Start of SUPPLIED ENTRIES
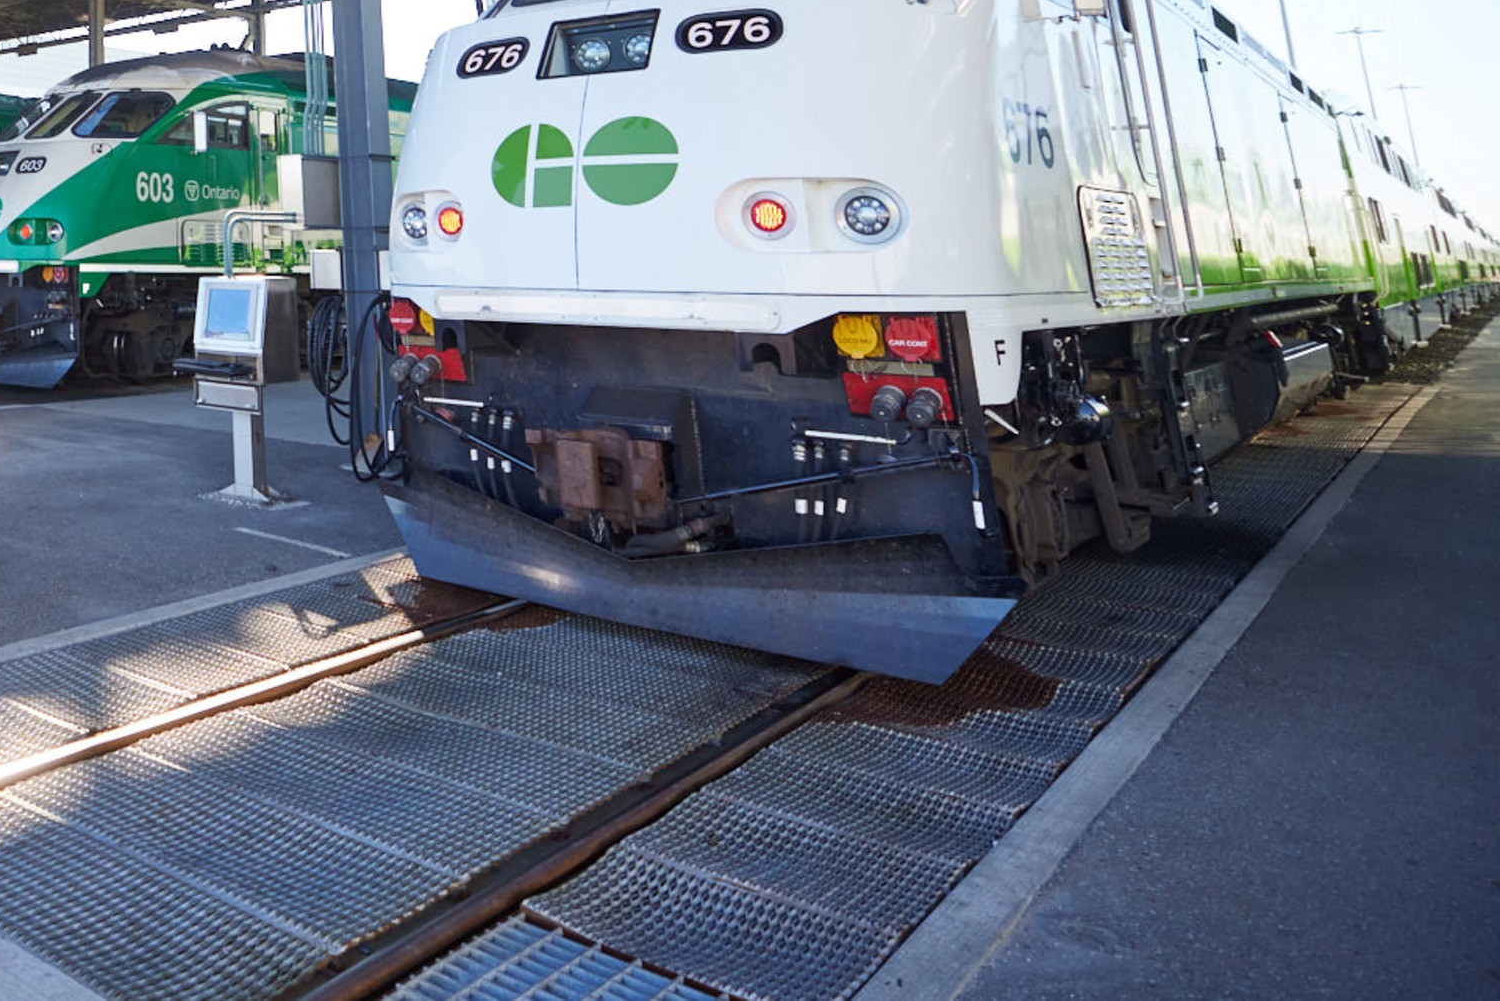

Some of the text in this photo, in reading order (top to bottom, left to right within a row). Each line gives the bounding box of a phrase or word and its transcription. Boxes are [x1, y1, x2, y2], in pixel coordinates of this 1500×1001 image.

[686, 16, 771, 48] 676
[464, 43, 523, 74] 676
[1003, 97, 1055, 170] 676
[20, 159, 43, 172] 603
[491, 115, 679, 209] GO
[136, 171, 174, 204] 603
[201, 184, 240, 201] Ontario
[888, 339, 905, 347] CAR
[994, 339, 1006, 366] F
End of SUPPLIED ENTRIES
### WHAT YOU NEED TO DO
Omit each image and transcribe the remaining records word for word.

### RESULT OF THE EXERCISE
Some of the text in this photo, in reading order (top to bottom, left to right within a row). Each line gives the bounding box of a phrase or word and its transcription. Boxes are [x1, y1, x2, y2], in pixel coordinates of this 1500×1001 image.

[686, 16, 771, 48] 676
[464, 43, 523, 74] 676
[1003, 97, 1055, 170] 676
[20, 159, 43, 172] 603
[491, 115, 679, 209] GO
[136, 171, 174, 204] 603
[201, 184, 240, 201] Ontario
[888, 339, 905, 347] CAR
[994, 339, 1006, 366] F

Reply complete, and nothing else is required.